### Try it
Ignoring the images, restate the records below word for word.

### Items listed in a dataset

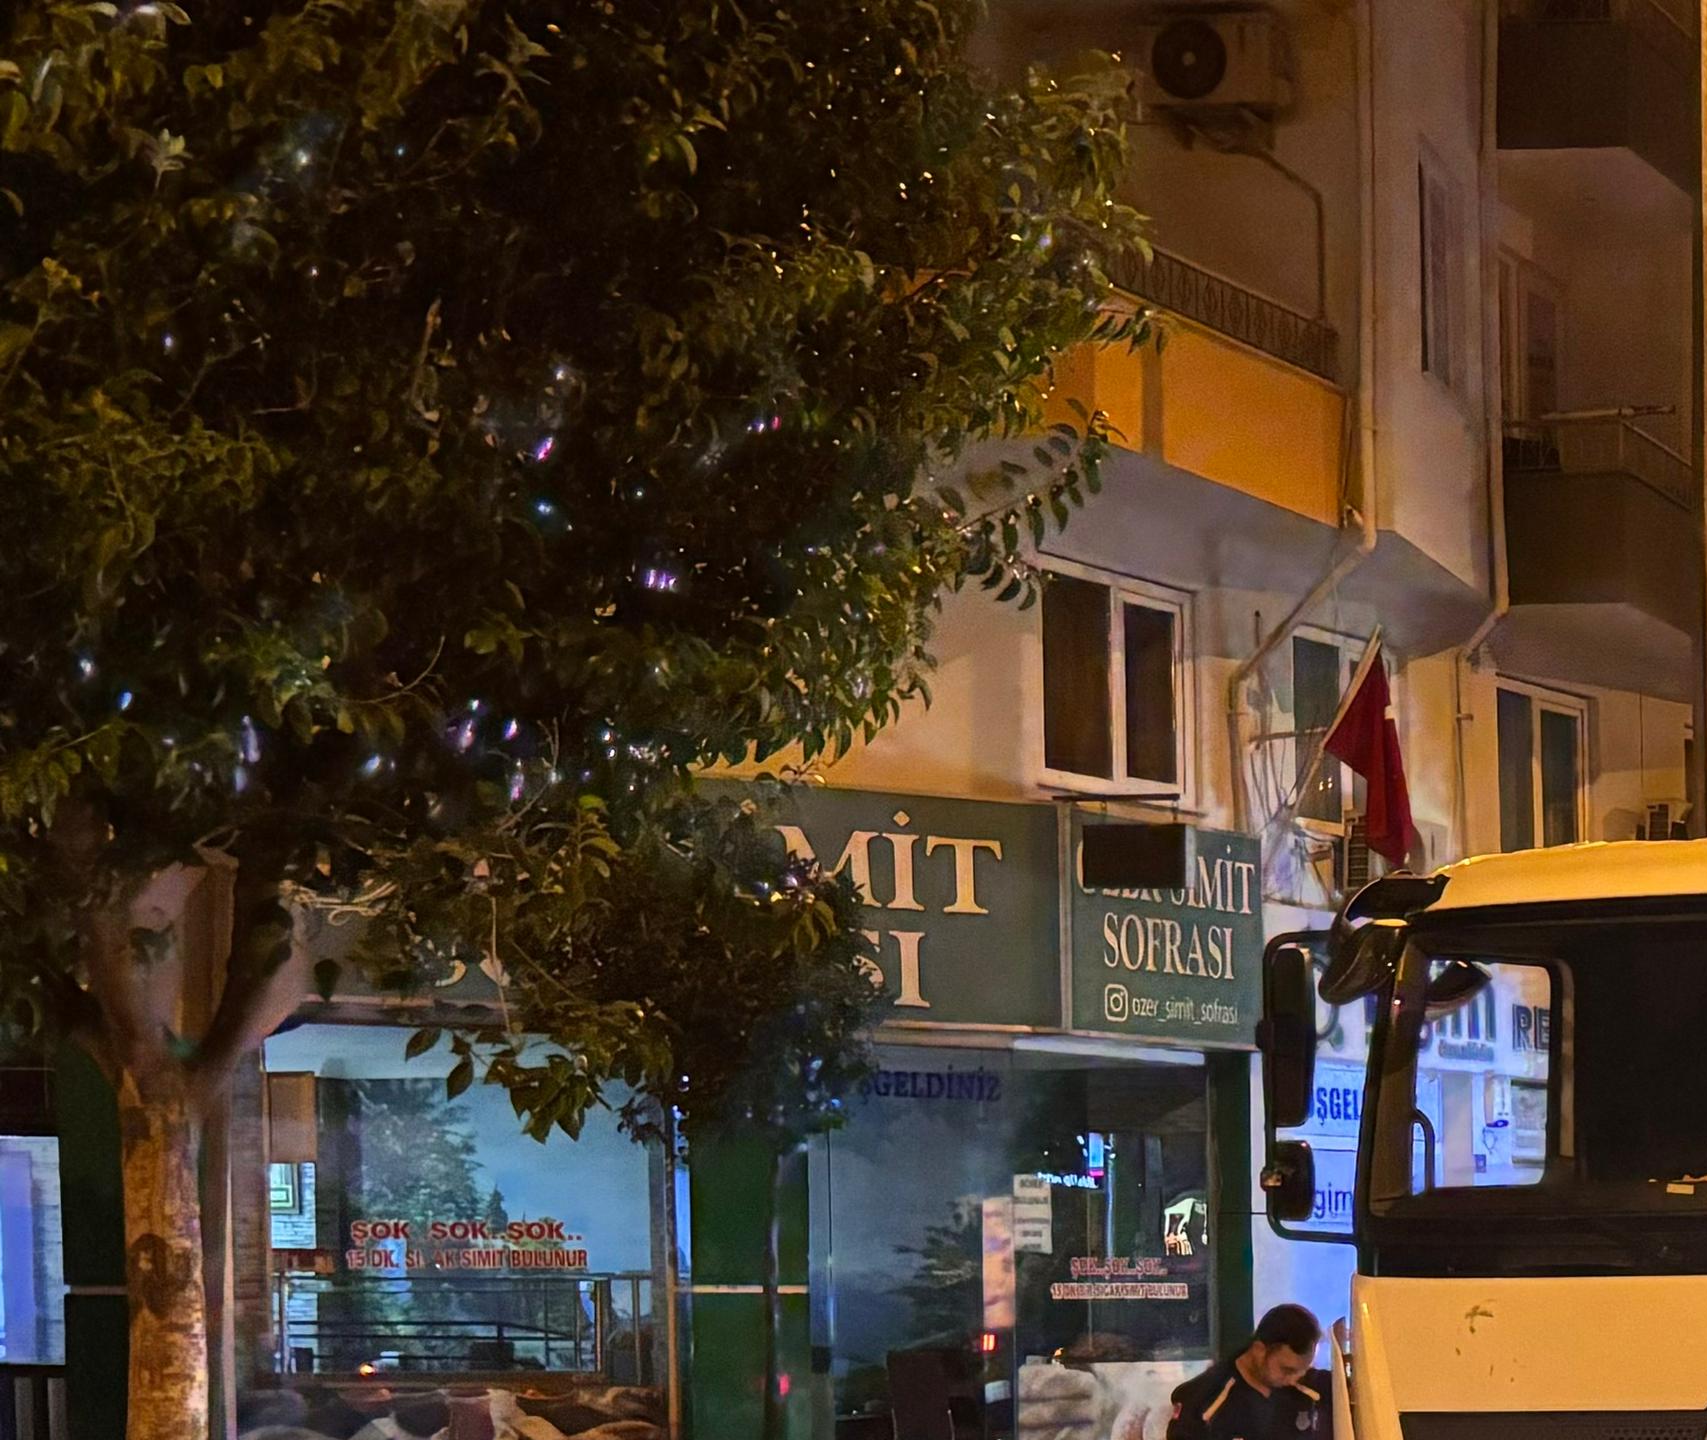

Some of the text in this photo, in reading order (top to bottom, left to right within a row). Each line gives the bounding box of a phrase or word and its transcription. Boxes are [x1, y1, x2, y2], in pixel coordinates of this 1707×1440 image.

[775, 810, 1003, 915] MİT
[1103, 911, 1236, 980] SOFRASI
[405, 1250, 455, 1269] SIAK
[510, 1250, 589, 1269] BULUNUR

### Reply to the task
Some of the text in this photo, in reading order (top to bottom, left to right within a row). Each line gives the bounding box of a phrase or word and its transcription. Boxes are [x1, y1, x2, y2], in pixel coordinates of this 1707×1440 image.

[775, 810, 1003, 915] MİT
[1103, 911, 1236, 980] SOFRASI
[405, 1250, 455, 1269] SIAK
[510, 1250, 589, 1269] BULUNUR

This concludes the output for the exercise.